Now in a way this was not surprising, for it was all a part of the plan-they’d spent all of yesterday buying the damned piece. In another way it was, for it was supposed to have been set up at dockside, loaded, aimed, and ready to be fired. Instead of which it had just gotten here-in the nick of time, Jack thought, if it had been loaded. But Dappa, rather than jamming a torch against its touch-hole, now began to rummage through a clanking assortment of implements strewn about his feet, while from time to time casting a glance up the length of the street to (at first) count, and (presently) estimate the number of heavily armed, screaming men sprinting their way.

“I have not done this before,” he announced, fishing out, and inspecting, a long, rusty pick, “but have had it all explained to me, by men who have.”

“Men who have lost sea-battles and been taken as galley-slaves,” Jack added.

Dappa brushed hay from the butt of the cannon and shoved the pick into the touch-hole.

“Help load the boat!” Jack screamed at Moseh and Nyazi. To Dappa he suggested, “For Christ’s sake, don’t worry about clearing the bloody touch-hole!”

Dappa returned, “If you’d be so good as to get the tampion out of my way?”

Jack scurried around to the muzzle-side of the wagon, turned his back to the on-rushing horde-which was not a thing that came naturally to him-reached up, and yanked out a round wooden bung that had been stuffed into the gun’s muzzle. It was shot out of his hand by a pistol-ball.

Dappa had an arrow through his sleeve, though not, apparently, through his arm. He was regarding a long-handled scoop. “As you are in such a hurry today,” he announced, “we shall dispense with the customary procedure of swabbing out the barrel.” As he spoke he shoved the scoop into some crunchy-sounding receptacle, which was hidden from Jack’s view by the side of the wagon, and raised it up heaped with coarse black powder. Balancing this in one hand he produced a copper-bladed spatula in the other, and leveled the powder-charge; then, moving with utmost deliberation so as not to spill any, he turned the scoop end-for-end and introduced it to the cannon’s muzzle, then, slowly at first, but quicker as he went along, hand-over-handed it until the entirety of its long handle had been swallowed by the barrel. He then gave it a half rotation to disgorge its load, and began gingerly to extract it.

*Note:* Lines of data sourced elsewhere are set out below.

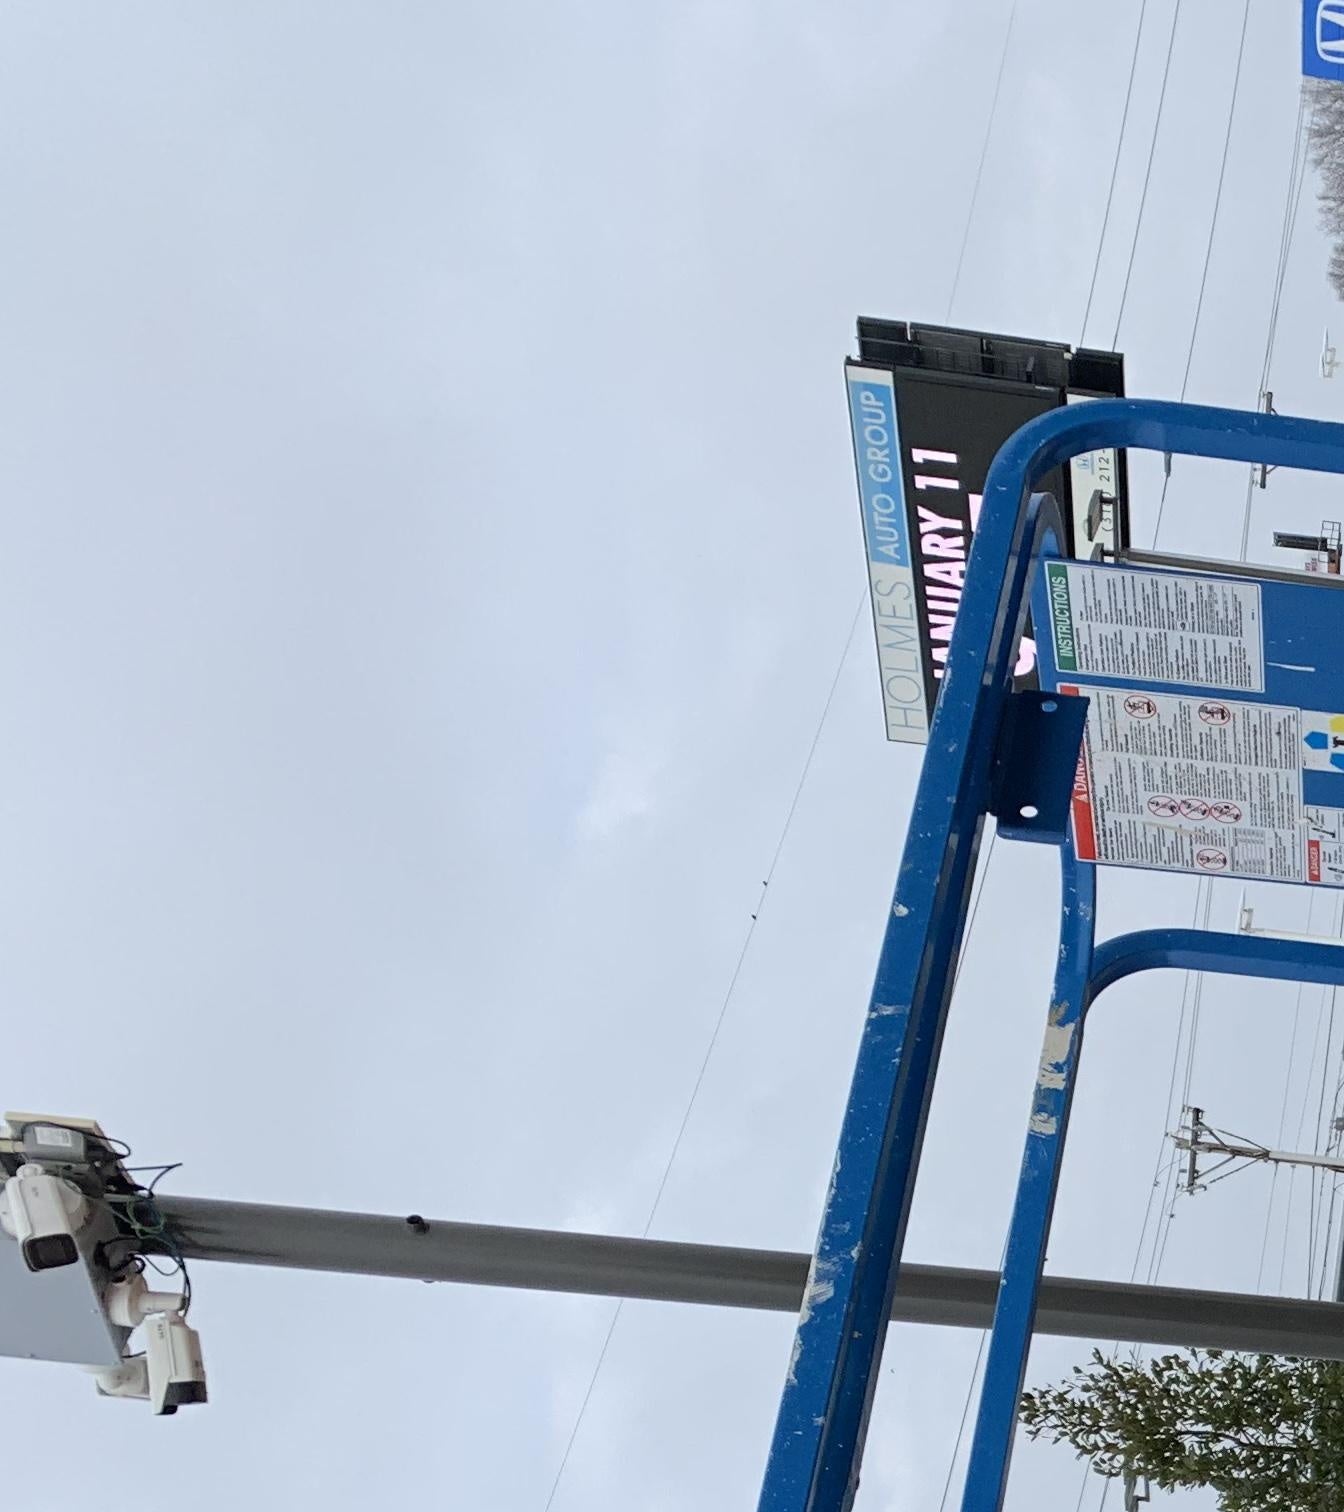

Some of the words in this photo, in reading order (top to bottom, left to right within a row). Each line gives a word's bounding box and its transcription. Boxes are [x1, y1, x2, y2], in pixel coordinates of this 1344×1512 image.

[859, 390, 891, 483] GROUP
[912, 448, 960, 491] 11
[870, 494, 902, 561] AUTO
[874, 577, 925, 730] HOLMES
[1051, 576, 1073, 657] INSTRUCTIONS

Jack had until now been caught between a desire to make sure that Dappa didn’t do it wrong, and a natural concern for what was approaching. To describe the foremost of the attackers as irregulars would have been to give far too high an estimate of their discipline, motives, armaments, and appearance; they were thieves, avaricious bystanders, micro-ethnic-groups, and a few Janissaries who had broken ranks when they had caught sight of gold bars. Most of these had faltered when they had caught sight of the cannon. But awareness had now propagated up the street that it was still in the process of being loaded. Meanwhile the French platoons had re-formed and begun marching in good order down the hill, reaming the street clear in a manner very like what the gun-swab would have done to the barrel of the cannon, had Dappa not elected to omit that step. The emboldened rabble swarming out from their places of concealment mingled together with the not-so-emboldened ones being rammed down the street by this piston of French troops and all joined together into-

“An avalanche, or so ’tis claimed by certain Alpine galeriens I have rowed with, may be triggered by the sound of cannon-fire.” Dappa had torn off his shirt, wadded it up, and stuffed it down the barrel, and was now feeding in double handfuls of shot. He followed that with his turban, and finally took up his long rammer. “I wonder if we may halt an avalanche thus.” His long dreadlocks, freed from the imprisonment of the head-wrap, fell about his face as he bent forward to get the pad of the rammer into the muzzle.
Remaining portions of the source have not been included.